Inadvertently, I cut back on these intrusions. In an effort to provide more vibrant fishing pictures in Florida Sportsman, I purchased a pair of bright blue boats and later a blazing orange kayak that are easily seen from a distance.
By spotting me sooner, most—not all—of them no longer come close enough to see my bent rod or splashing fish, and continue merrily on their way in search of their own hot spots.
My radiant boats don't scare the fish— they seem entirely nonjudgmental about kayak color. I won't guarantee there's a correlation— maybe I've simply become a better fisherman (there was certainly room for improvement)—but my fishing log indicates my catch rate of big, wary seatrout has actually risen since I brightened up my kayak fleet.
Another obvious fringe benefit to paddling a kayak that stands out is enhanced safety. Boaters are much less likely to run over a bright yellow, red, orange or blue kayak. If there's an emergency situation that requires assistance, authorities can more easily locate a colorful craft. Unfortunately, all bets are off if you paddle into a herd of nervous manatees—they don't care what color your kayak is, either. If nothing else, you'll take prettier pictures of your fish.

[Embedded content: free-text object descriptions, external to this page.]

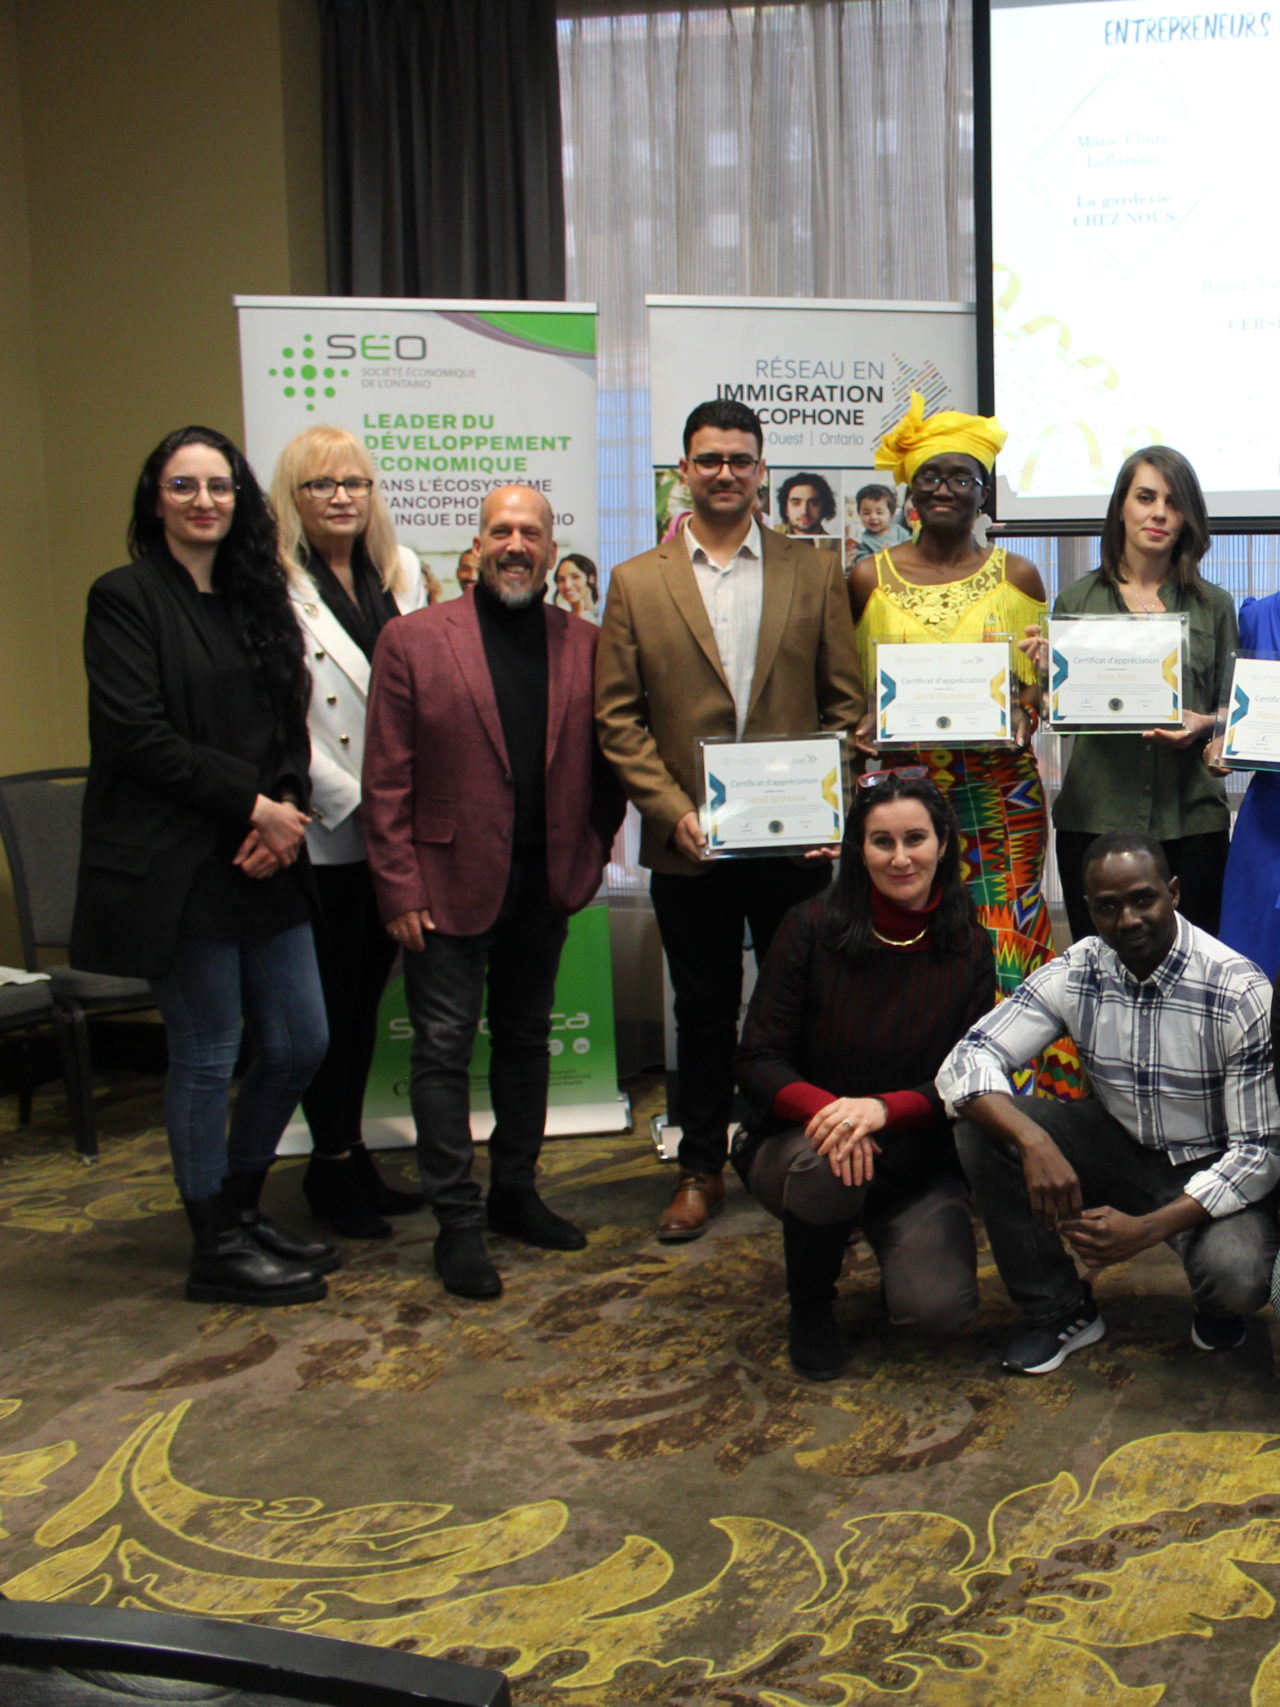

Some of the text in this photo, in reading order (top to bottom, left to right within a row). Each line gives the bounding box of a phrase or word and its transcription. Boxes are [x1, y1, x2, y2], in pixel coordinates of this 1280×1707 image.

[1103, 11, 1272, 46] ENTREPRENEURS
[1076, 192, 1173, 209] La garderie
[1072, 210, 1176, 228] CHEZ NOUS
[361, 366, 477, 379] SOCIÉTÉ ÉCONOMIQUE
[755, 355, 884, 380] RÉSEAU EN
[361, 379, 375, 389] DE
[716, 383, 883, 403] IMMIGRATION
[363, 413, 495, 430] LEADER DU
[752, 408, 864, 426] COPHONE
[363, 431, 573, 451] DÉVELOPPEMENT
[819, 432, 864, 446] Ontario
[455, 513, 479, 527] DE
[1073, 656, 1160, 666] Certificat d'appréciation
[901, 676, 934, 685] Certificat
[730, 778, 764, 788] Certificat
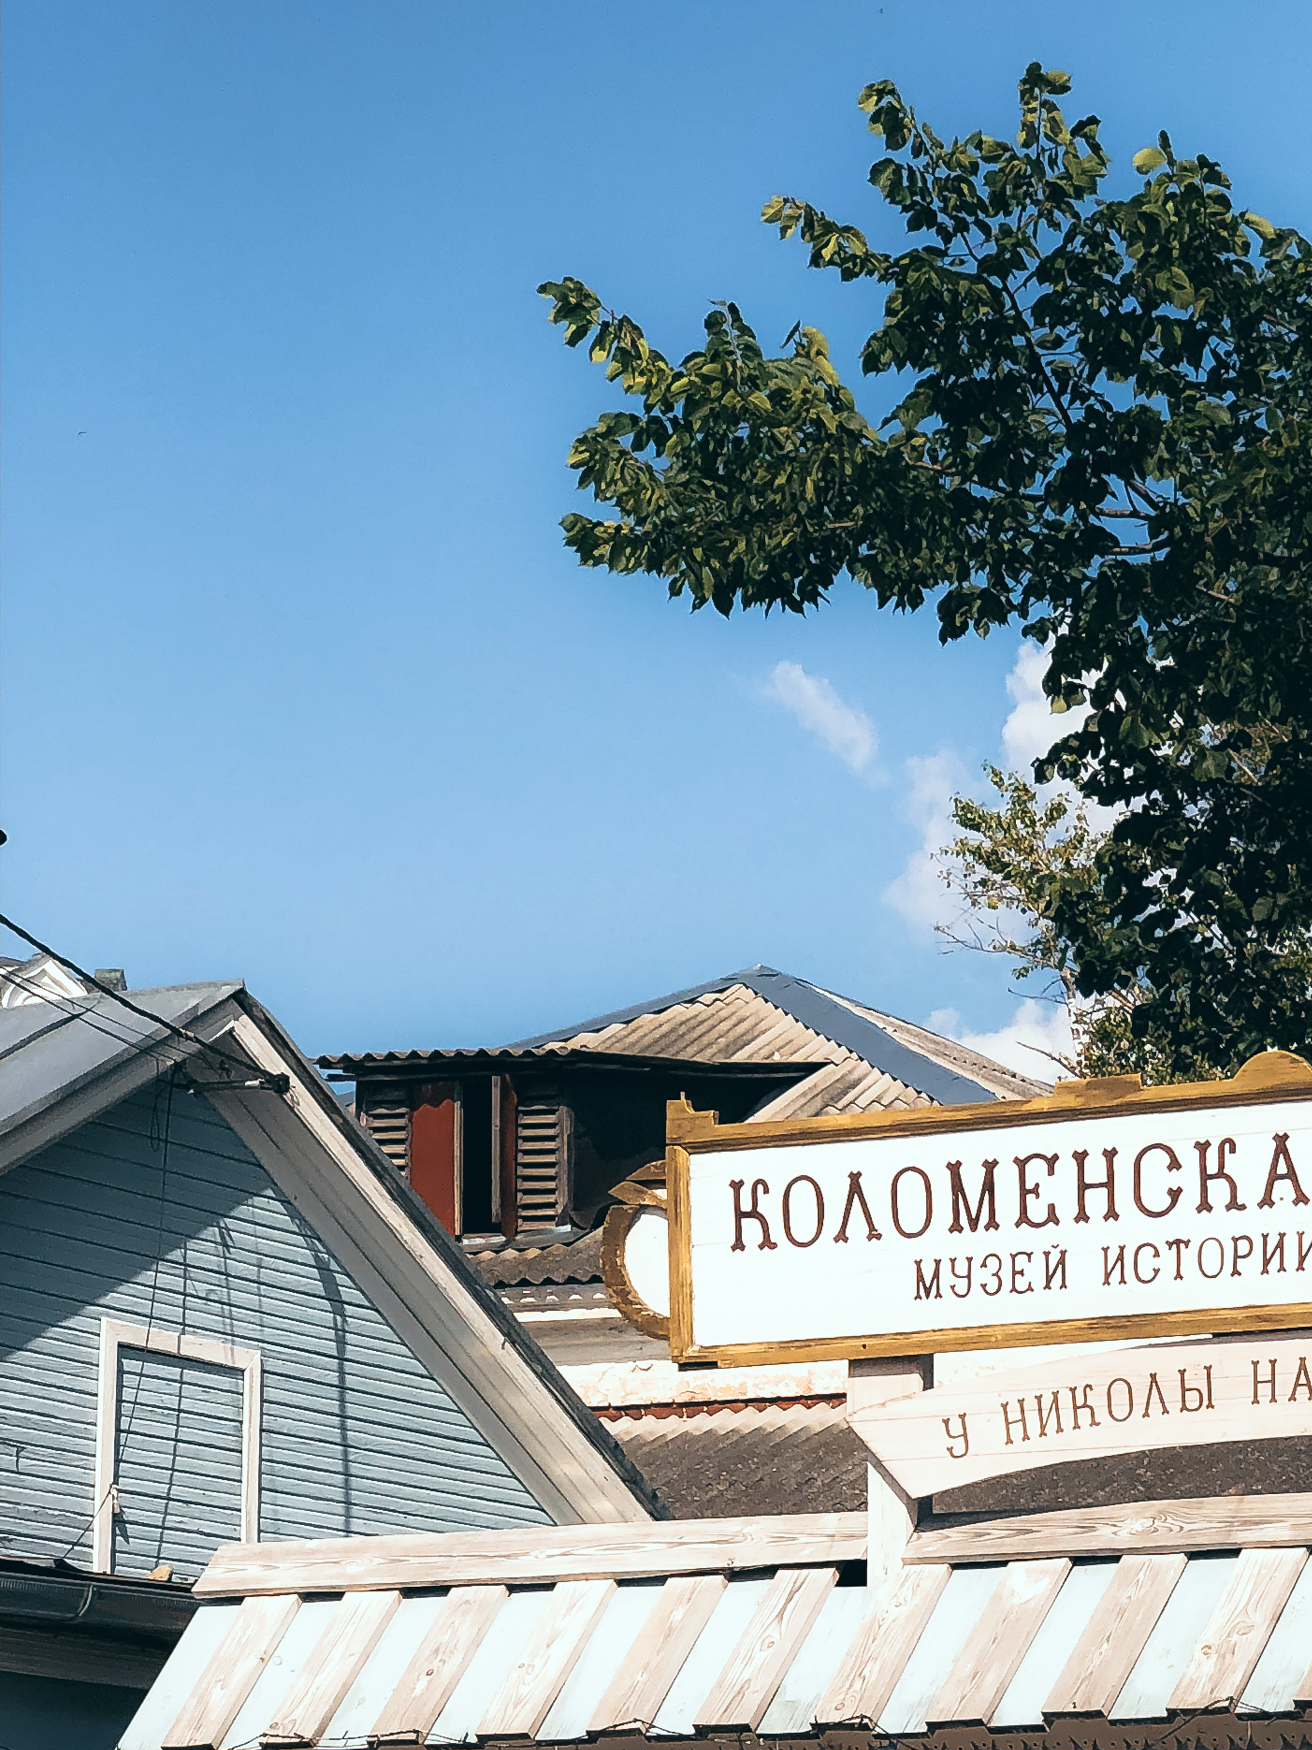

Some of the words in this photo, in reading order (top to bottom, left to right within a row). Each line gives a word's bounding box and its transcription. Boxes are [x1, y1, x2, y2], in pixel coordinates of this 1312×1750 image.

[914, 1244, 1067, 1300] МУЗЕЙ
[942, 1413, 971, 1459] У
[1000, 1365, 1215, 1446] НИКОЛЫ
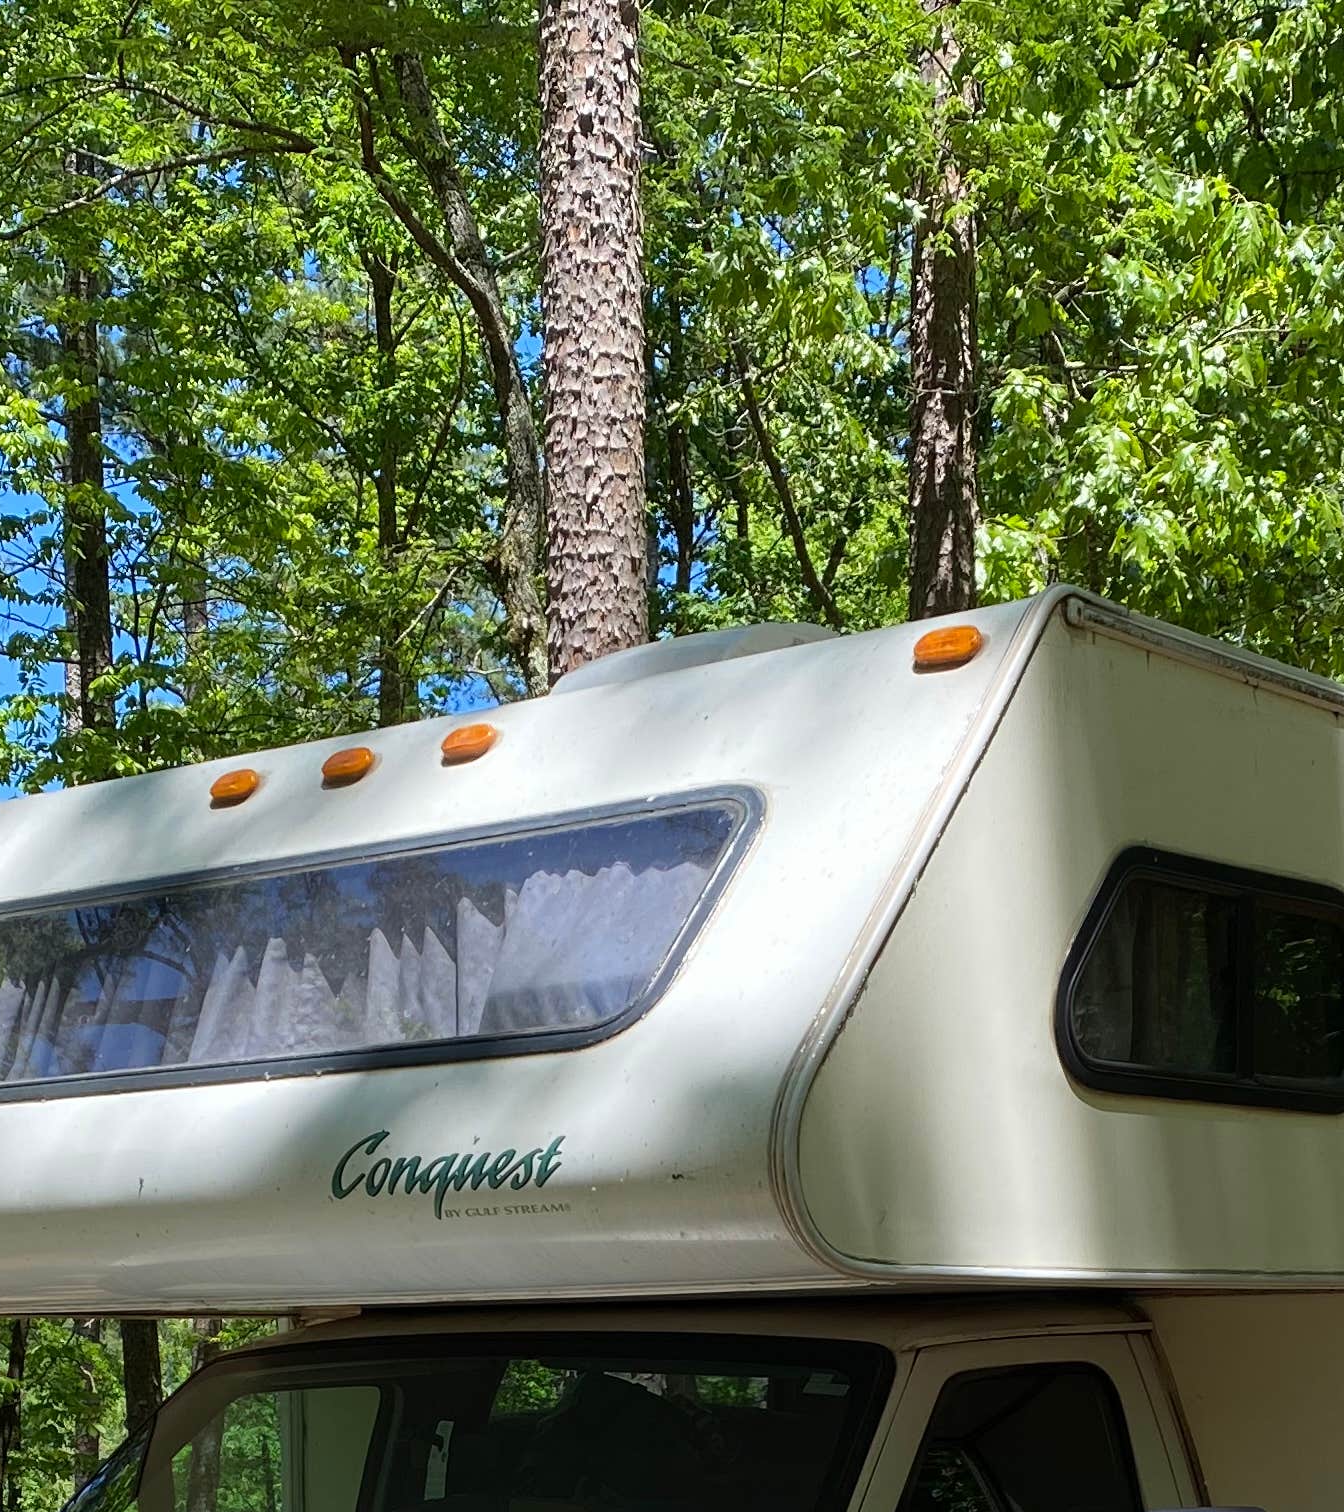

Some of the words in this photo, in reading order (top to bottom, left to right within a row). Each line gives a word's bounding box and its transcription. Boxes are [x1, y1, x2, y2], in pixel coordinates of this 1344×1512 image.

[331, 1129, 567, 1220] Conquest
[444, 1208, 461, 1218] BY
[465, 1206, 500, 1217] GULF
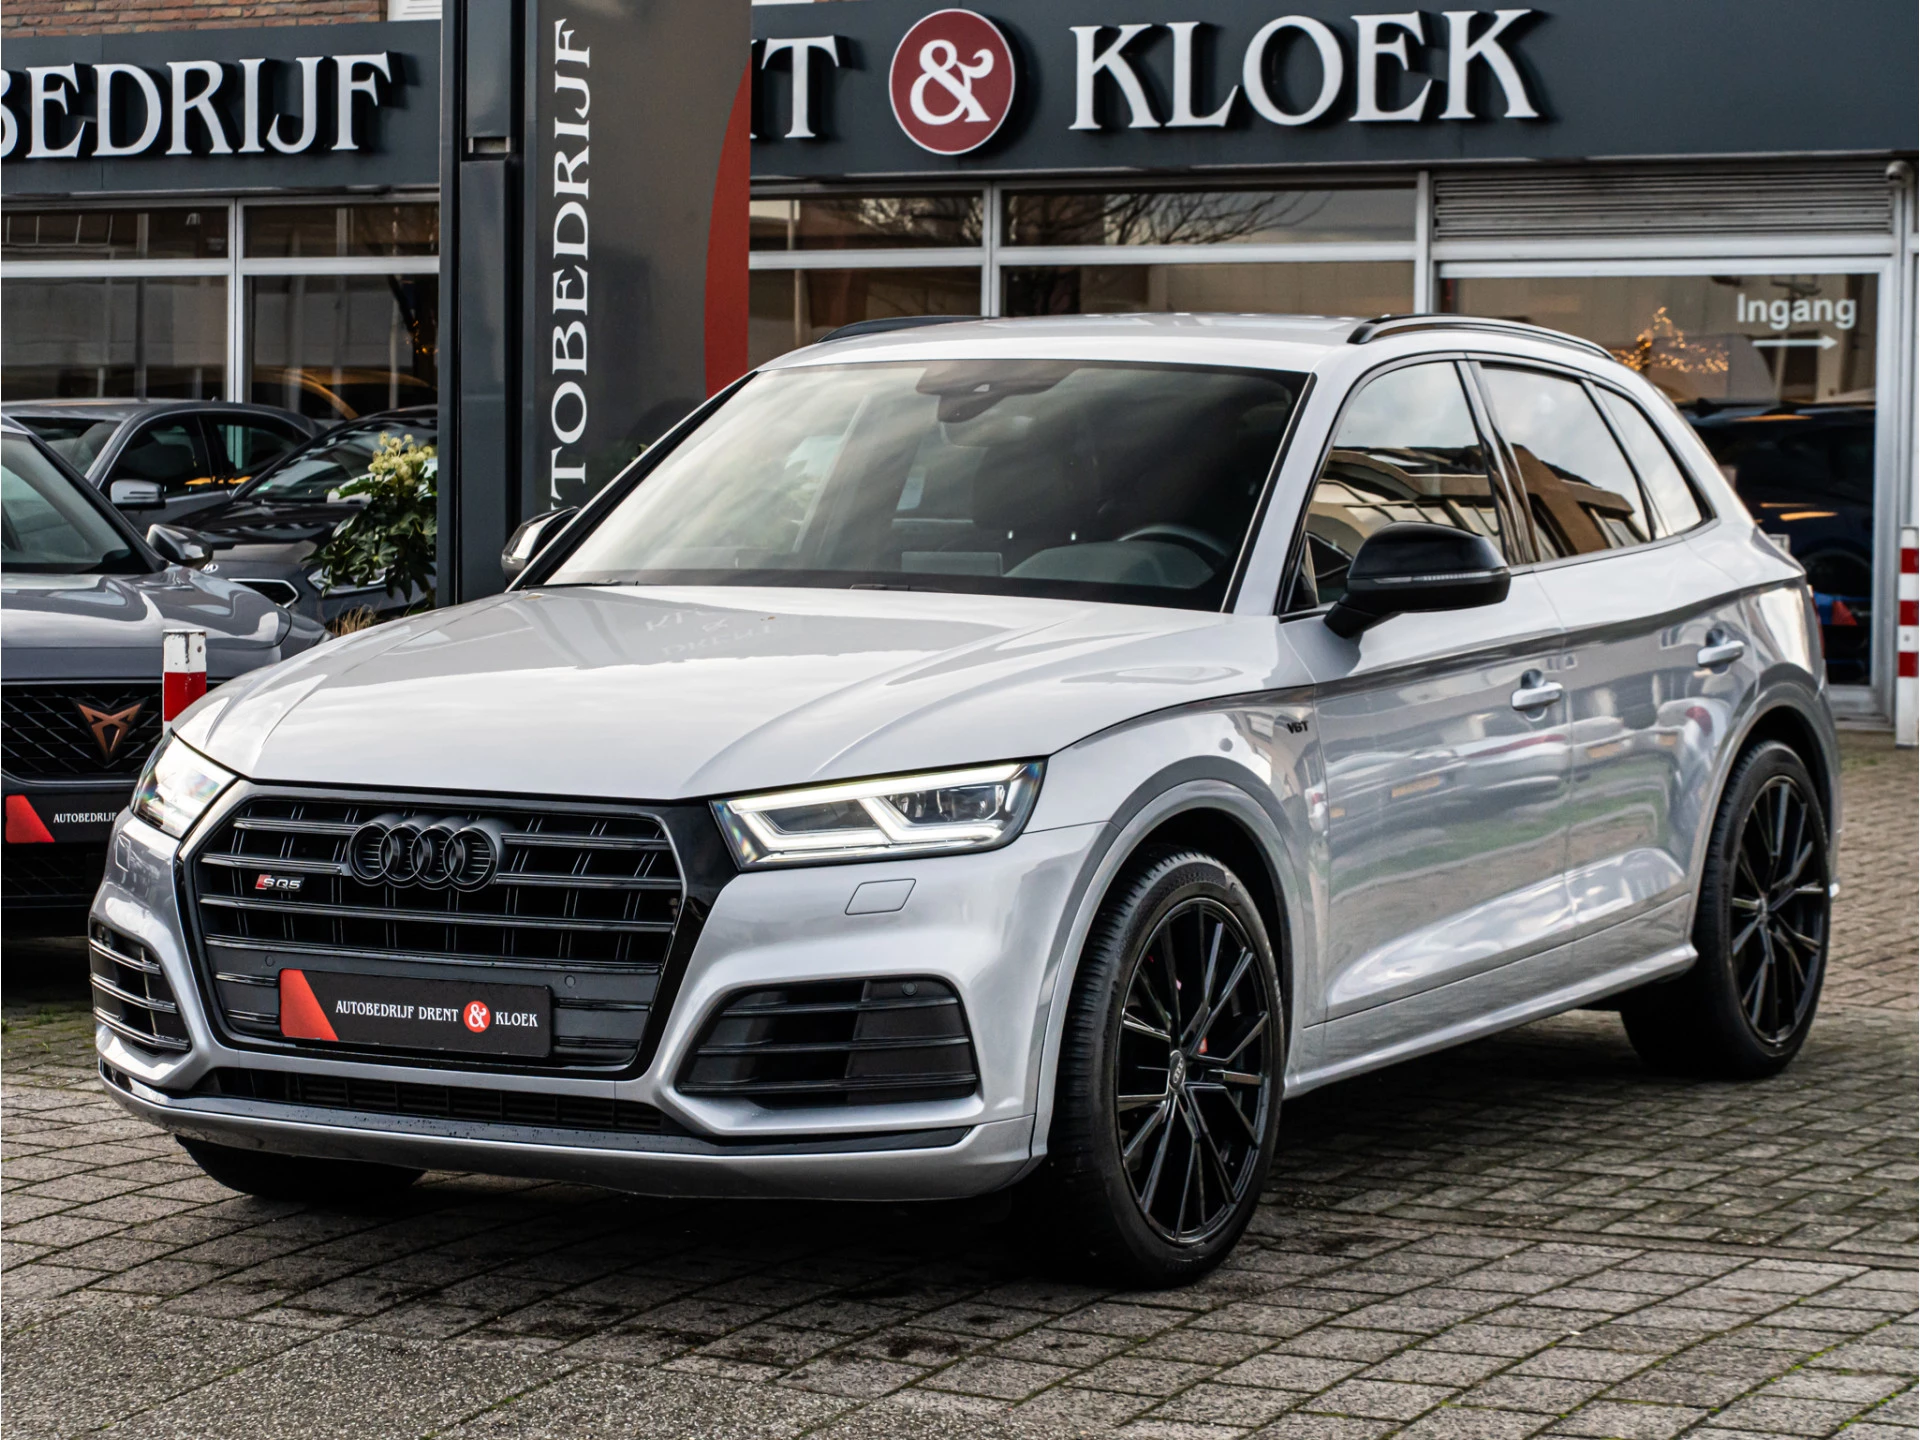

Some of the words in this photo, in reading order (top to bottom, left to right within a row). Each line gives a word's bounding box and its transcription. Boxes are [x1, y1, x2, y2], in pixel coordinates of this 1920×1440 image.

[910, 39, 995, 126] &
[1069, 9, 1539, 130] KLOEK
[551, 18, 591, 511] TOBEDRIJF
[1737, 293, 1856, 330] Ingang
[53, 812, 117, 824] AUTOBEDRIJF
[262, 877, 302, 890] SQ5
[335, 1000, 415, 1019] AUTOBEDRIJF
[418, 1006, 459, 1022] DRENT
[468, 1003, 487, 1028] &
[495, 1011, 538, 1028] KLOEK

More Than One Way to be Seen
Purchasing a bright-colored boat isn't the only way to improve visibility. Bright clothing or life jackets also enhance visibility—but not as much as the right paddle. Eyes are drawn to movement, and it's amazing how far away a paddle with white, neon yellow or fluorescent orange blades stands out when in motion.
Paddles are standard equipment with very few new kayaks, or are often substandard and eventually need to be upgraded for more efficient models. If you have to buy one, it may as well be pretty and make you safer.